### DIRECTIONS:
What you return must match the entries exactly, except that the pictures are gone.
INPUT MATERIAL START
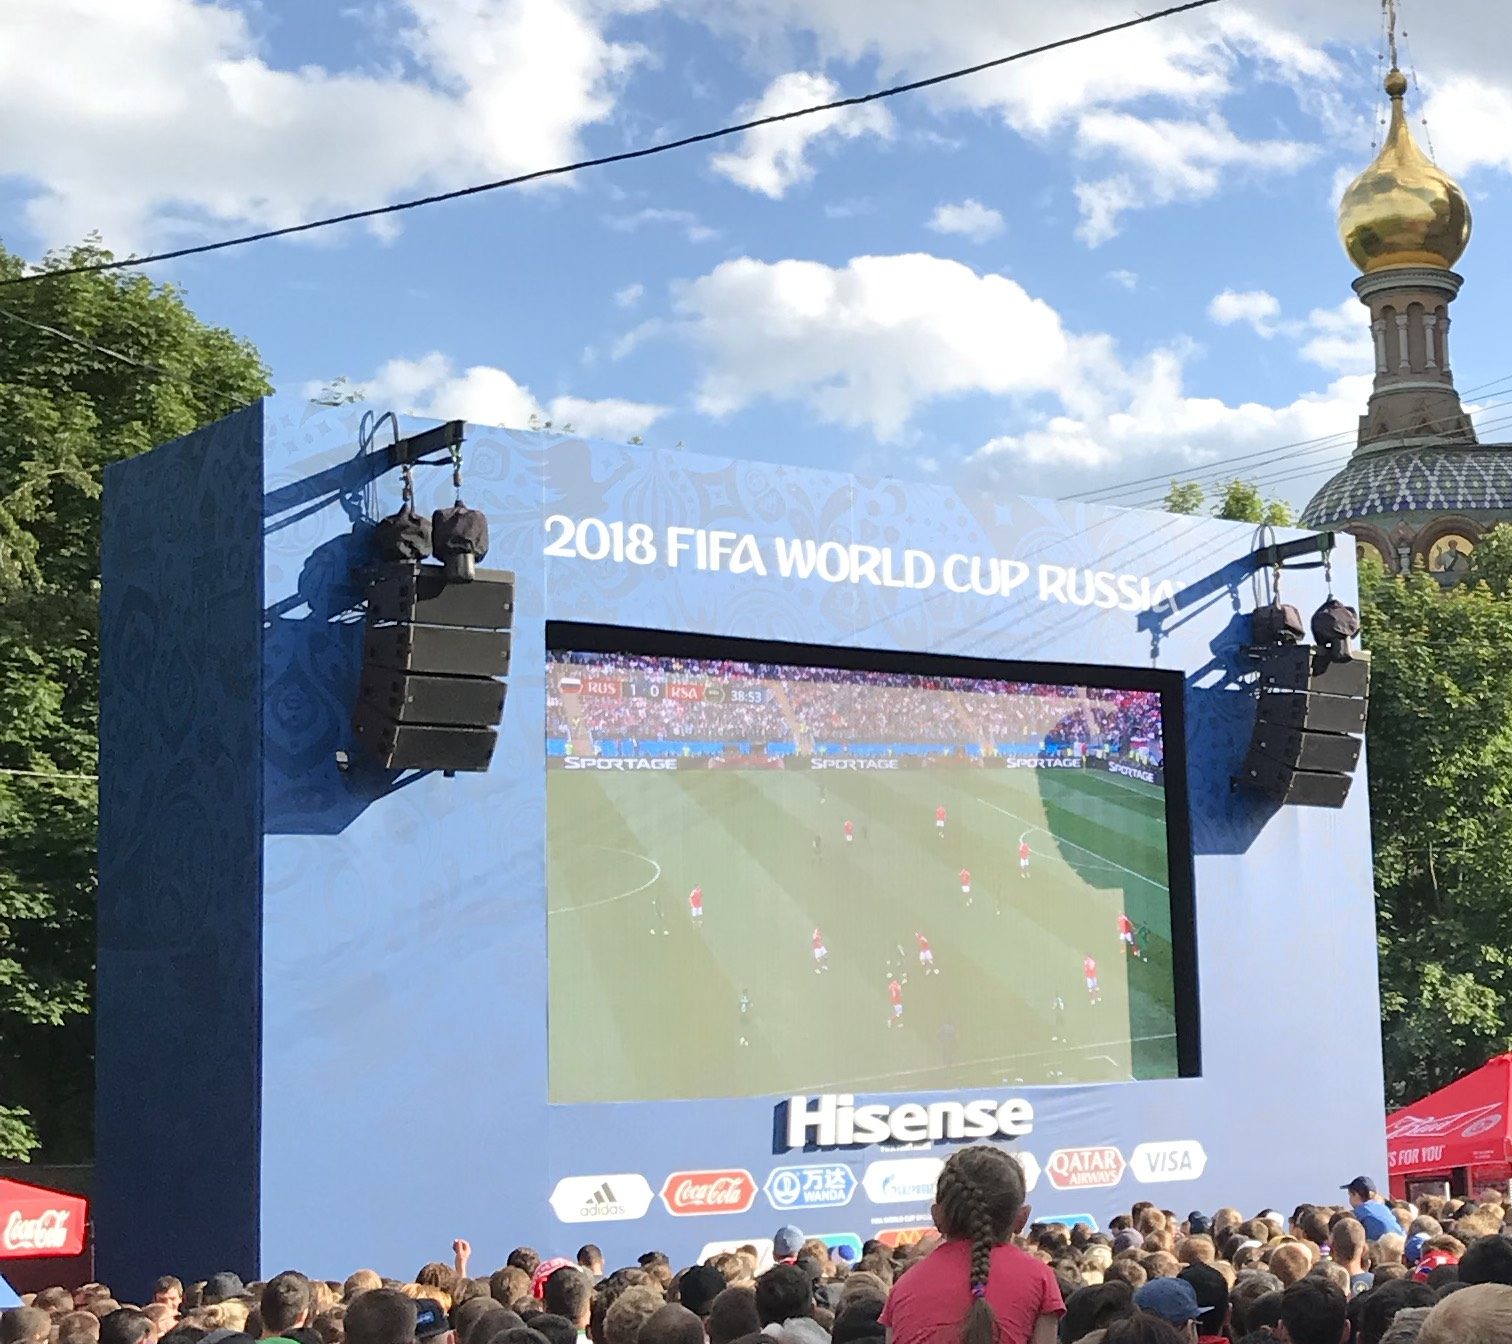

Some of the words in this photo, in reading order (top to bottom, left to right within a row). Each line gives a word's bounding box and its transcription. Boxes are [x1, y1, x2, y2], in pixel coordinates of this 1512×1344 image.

[543, 515, 657, 565] 2018
[667, 526, 767, 576] FIFA
[775, 536, 936, 590] WORLD
[943, 553, 1030, 596] CUP
[1038, 563, 1181, 616] RUSSIA
[588, 682, 617, 694] RUS
[629, 683, 637, 696] 1
[650, 684, 660, 697] 0
[671, 687, 698, 700] RSA
[730, 689, 762, 703] 38:53
[564, 756, 678, 771] SPORTAGE
[810, 757, 898, 771] SPORTAGE
[1006, 757, 1081, 769] SPORTAGE
[1108, 761, 1154, 783] SPORTAGE
[787, 1093, 1034, 1148] Hisense
[1053, 1150, 1117, 1177] QATAR
[1145, 1150, 1192, 1173] VISA
[1398, 1148, 1420, 1166] FOR
[803, 1168, 847, 1189] 万达
[1069, 1169, 1118, 1185] AIRWAYS
[803, 1188, 846, 1203] WANDA
[580, 1202, 626, 1217] adidas
INPUT MATERIAL END
### YOUR SOLUTION:
Some of the words in this photo, in reading order (top to bottom, left to right within a row). Each line gives a word's bounding box and its transcription. Boxes are [x1, y1, x2, y2], in pixel coordinates of this 1512×1344 image.

[543, 515, 657, 565] 2018
[667, 526, 767, 576] FIFA
[775, 536, 936, 590] WORLD
[943, 553, 1030, 596] CUP
[1038, 563, 1181, 616] RUSSIA
[588, 682, 617, 694] RUS
[629, 683, 637, 696] 1
[650, 684, 660, 697] 0
[671, 687, 698, 700] RSA
[730, 689, 762, 703] 38:53
[564, 756, 678, 771] SPORTAGE
[810, 757, 898, 771] SPORTAGE
[1006, 757, 1081, 769] SPORTAGE
[1108, 761, 1154, 783] SPORTAGE
[787, 1093, 1034, 1148] Hisense
[1053, 1150, 1117, 1177] QATAR
[1145, 1150, 1192, 1173] VISA
[1398, 1148, 1420, 1166] FOR
[803, 1168, 847, 1189] 万达
[1069, 1169, 1118, 1185] AIRWAYS
[803, 1188, 846, 1203] WANDA
[580, 1202, 626, 1217] adidas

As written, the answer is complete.